Behind-the-scenes meeting shows Govt letting trade trump human rights

The National Government is allowing trade to trump human rights, by doing deals with a regime accused of genocide and crimes against humanity, the Green Party said today.

The Green Party’s human rights spokesperson, Jan Logie, has released details of a meeting held in Auckland on May 8 between Foreign Affairs Minister Murray McCully and the External Affairs Minister of Sri Lanka.

The meeting, to advance dairy joint ventures, was held despite the UN Human Rights Council’s recent vote in favour of an investigation into alleged war crimes and human rights abuses in Sri Lanka, and ongoing concerns about human rights abuses there.

“The Minister kept the meeting quiet, and I can see why. It is morally wrong to help a regime that has been accused of genocide and war crimes,” said Ms Logie, who was detained in Sri Lanka last year for speaking out against human rights abuses.

“Extending our relationship at this time undermines international efforts to hold the regime to account.”

OIA documents released to the Green Party, and detailing official advice given to Murray McCully ahead of last year’s controversial CHOGM meeting in Colombo, again show the National Government putting trade ahead of human rights.

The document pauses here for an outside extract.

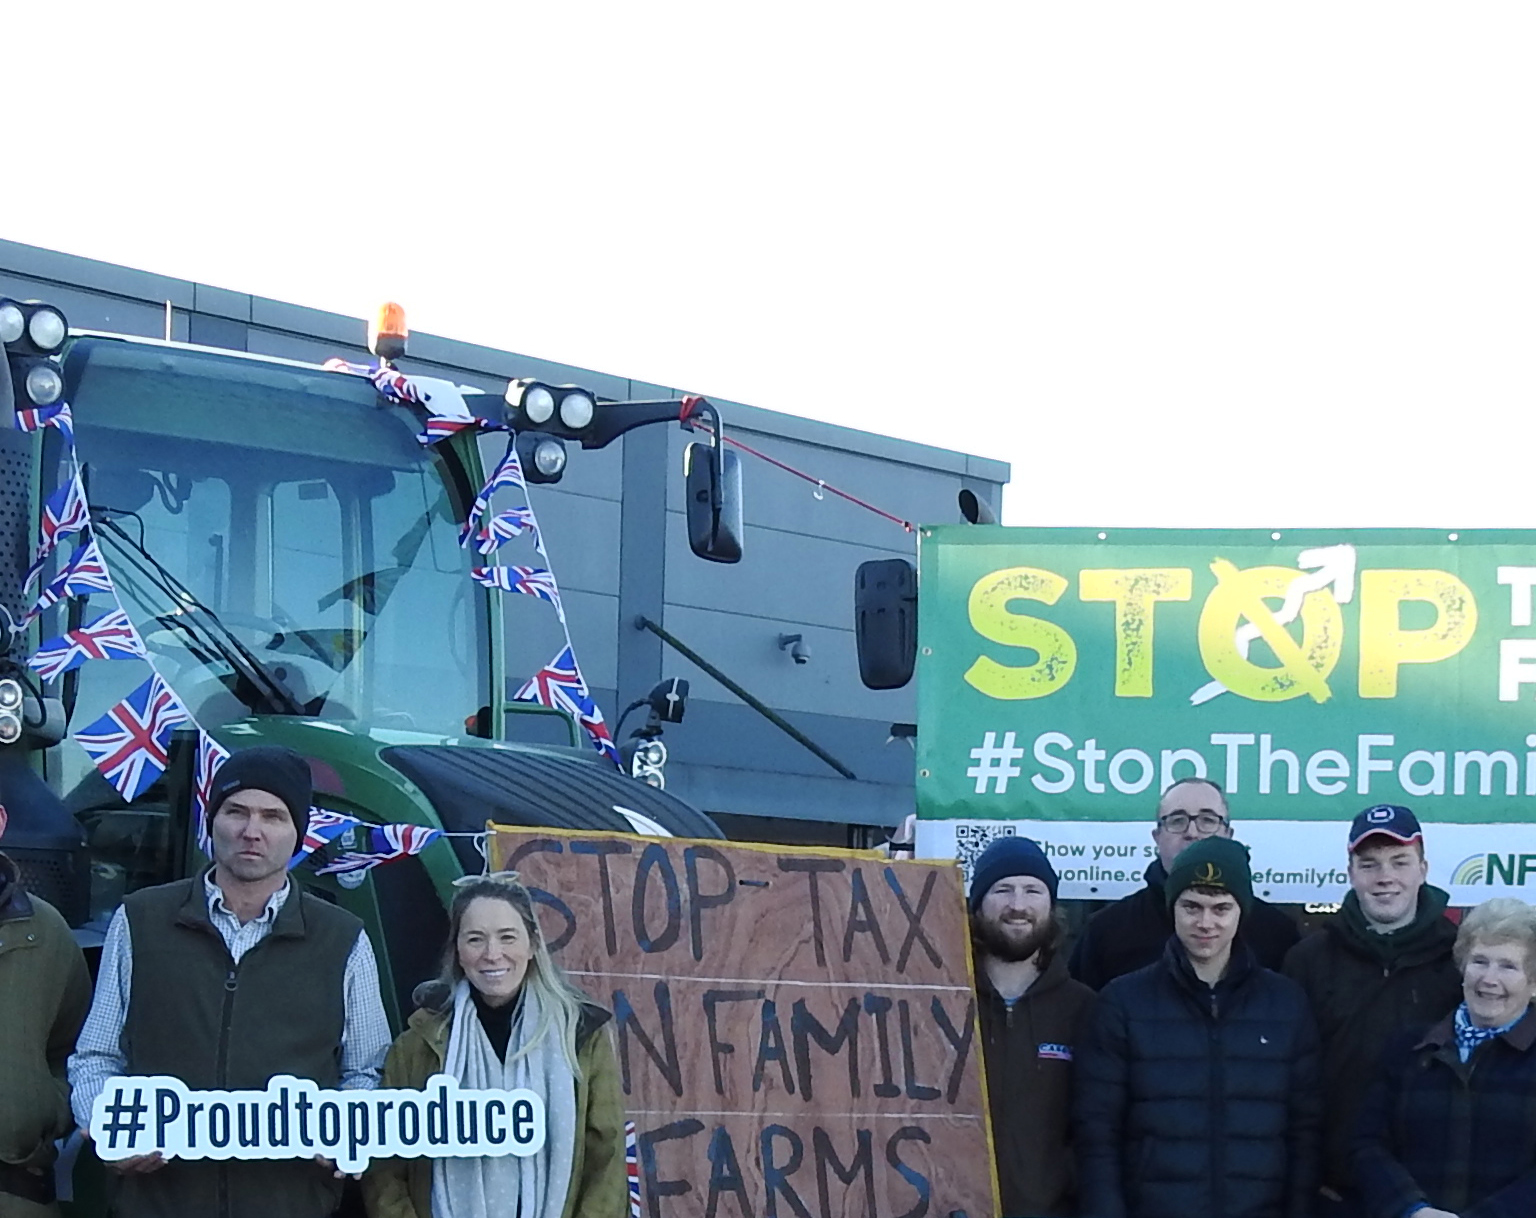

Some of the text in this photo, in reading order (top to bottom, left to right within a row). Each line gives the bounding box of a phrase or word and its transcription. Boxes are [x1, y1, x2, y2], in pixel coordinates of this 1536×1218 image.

Despite warnings that “the human rights situation [in Sri Lanka] remains problematic”, that “freedoms for civil society and media are increasingly restricted” and that there is “ongoing discrimination against the Tamil minority” and “discrimination against other minorities as well”, the briefing documents say “CHOGM presents an opportunity to sign the New Zealand-Sri Lanka Dairy Cooperation Arrangement” and stress the importance of bilateral meetings to further the deal.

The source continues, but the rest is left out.